The first charge is in accordance with the general current of authority. (Burwell v. Mandeville's Ex'r, 2 How., 576, (U. S. R.;) Troubat on Part., secs. 532, 533; 3 Kent's Comm., note a, p. 64.)

Mr. Parsons seems to regard it as a stipulation in the articles of partnership for the formation of a new partnership, which may or may not be acceded to by the parties concerned, after the death of one of the partners, rather than a continuation of the old partnership. (Pars. on Part., 2d ed., marg. p. 438, 439.)

Justice Story, in the case quoted from 2 Howard, 576, says: “By the general rule of law, every partnership is dissolved by the death of one of the partners. It is true that it is competent for the partners to provide by agreement for the continuance of the partnership after such death; but then it takes place in virtue of such agreement only, as the act of the parties, and not by mere operation of law.” “But then in each case the agreement or authority must be clearly made out, and third persons, having notice of the death, are bound to inquire how far the agreement or authority to continue it extends, and what funds it binds; and if they trust the surviving partner beyond the reach of such agreement or authority or fund, it is their own fault,” &c.

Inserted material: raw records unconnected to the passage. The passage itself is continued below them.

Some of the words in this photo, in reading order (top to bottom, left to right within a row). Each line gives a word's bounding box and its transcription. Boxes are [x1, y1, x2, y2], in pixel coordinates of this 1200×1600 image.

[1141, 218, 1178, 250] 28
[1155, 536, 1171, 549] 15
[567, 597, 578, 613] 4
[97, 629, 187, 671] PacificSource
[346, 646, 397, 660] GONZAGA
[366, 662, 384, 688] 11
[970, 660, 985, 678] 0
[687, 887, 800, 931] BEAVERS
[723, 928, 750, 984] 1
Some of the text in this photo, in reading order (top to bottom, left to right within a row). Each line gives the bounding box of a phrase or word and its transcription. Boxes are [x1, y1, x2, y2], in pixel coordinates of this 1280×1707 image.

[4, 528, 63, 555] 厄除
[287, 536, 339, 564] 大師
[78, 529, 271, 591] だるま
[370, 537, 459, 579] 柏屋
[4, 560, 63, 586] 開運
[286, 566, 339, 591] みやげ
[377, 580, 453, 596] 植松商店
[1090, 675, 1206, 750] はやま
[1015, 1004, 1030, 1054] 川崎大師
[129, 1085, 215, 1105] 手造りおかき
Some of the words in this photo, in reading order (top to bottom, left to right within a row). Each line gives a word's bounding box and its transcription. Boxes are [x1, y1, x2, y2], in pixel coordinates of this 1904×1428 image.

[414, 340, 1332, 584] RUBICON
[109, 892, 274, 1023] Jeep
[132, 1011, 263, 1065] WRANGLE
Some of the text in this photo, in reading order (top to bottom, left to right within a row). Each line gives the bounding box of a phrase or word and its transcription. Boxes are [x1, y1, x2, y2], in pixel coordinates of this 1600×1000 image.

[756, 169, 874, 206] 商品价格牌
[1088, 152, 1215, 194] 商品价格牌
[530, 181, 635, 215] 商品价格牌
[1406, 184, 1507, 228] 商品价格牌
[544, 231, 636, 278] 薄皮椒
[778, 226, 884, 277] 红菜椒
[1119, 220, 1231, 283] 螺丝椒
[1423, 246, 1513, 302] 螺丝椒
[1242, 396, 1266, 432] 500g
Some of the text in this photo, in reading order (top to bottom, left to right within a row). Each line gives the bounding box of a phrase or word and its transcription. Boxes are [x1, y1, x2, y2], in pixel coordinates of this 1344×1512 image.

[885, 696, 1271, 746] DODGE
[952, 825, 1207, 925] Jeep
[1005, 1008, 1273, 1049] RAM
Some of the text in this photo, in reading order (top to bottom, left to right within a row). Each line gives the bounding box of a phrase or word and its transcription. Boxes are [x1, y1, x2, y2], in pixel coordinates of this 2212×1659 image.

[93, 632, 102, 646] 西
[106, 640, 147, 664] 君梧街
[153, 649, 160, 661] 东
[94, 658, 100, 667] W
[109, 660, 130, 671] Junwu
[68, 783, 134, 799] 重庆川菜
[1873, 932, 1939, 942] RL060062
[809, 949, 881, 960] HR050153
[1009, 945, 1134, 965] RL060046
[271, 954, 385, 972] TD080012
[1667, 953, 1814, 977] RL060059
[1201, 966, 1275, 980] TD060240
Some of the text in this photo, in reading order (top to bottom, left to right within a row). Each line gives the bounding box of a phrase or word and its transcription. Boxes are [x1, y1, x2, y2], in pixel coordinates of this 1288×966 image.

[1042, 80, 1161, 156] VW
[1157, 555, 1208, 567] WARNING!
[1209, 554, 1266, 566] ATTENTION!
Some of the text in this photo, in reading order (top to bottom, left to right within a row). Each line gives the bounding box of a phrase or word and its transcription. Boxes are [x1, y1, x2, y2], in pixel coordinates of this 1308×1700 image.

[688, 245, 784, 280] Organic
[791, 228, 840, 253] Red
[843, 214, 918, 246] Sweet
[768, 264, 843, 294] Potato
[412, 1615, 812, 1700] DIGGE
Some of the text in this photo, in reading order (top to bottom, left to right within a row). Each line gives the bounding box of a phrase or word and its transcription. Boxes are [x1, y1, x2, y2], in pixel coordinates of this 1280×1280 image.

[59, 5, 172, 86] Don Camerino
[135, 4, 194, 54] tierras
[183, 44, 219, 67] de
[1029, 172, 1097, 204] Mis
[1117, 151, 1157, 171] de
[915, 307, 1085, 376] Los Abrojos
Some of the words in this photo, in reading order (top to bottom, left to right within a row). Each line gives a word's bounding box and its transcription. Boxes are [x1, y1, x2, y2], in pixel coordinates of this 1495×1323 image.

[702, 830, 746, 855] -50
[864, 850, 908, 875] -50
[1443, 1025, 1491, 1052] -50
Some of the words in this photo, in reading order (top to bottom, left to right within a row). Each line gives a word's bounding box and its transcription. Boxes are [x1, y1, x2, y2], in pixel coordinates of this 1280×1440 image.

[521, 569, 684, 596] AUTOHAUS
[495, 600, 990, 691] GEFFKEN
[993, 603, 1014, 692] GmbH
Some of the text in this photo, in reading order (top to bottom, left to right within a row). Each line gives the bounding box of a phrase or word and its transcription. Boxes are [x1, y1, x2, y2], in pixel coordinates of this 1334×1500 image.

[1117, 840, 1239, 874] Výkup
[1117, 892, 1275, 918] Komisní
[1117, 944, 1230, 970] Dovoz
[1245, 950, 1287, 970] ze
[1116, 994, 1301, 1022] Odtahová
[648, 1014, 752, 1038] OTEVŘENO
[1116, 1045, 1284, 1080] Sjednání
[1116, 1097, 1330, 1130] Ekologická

Neither in the pleading nor in the evidence did there seem to be any regard paid to the distinction here taken, as to whether the whole estate of C. C. Alexander in the hands of his executors was made, by the agreement for the continuance of the partnership, responsible for the debts contracted by the surviving partners, or only such of his effects as were embarked in this particular enterprise of transporting cotton to Mexico for sale.

If the responsibility, under the agreement, extended only to the effects put into this enterprise, the remedy should have been to reach such effects, or the proceeds of them in the hands of the executors, and not to obtain a general judgment against them, binding the land and other effects of said estate not embarked in this enterprise. Had there been special exception to the allegation of plaintiff in setting up this agreement for the continuance of the partnership, the court might have required such an amendment as wonld have made it more certain, whether the agreement extended to fixing a responsibility upon all of the effects, or only upon those embraced in the enterprise.

There was no charge given upon this subject, calculated to present any such distinction.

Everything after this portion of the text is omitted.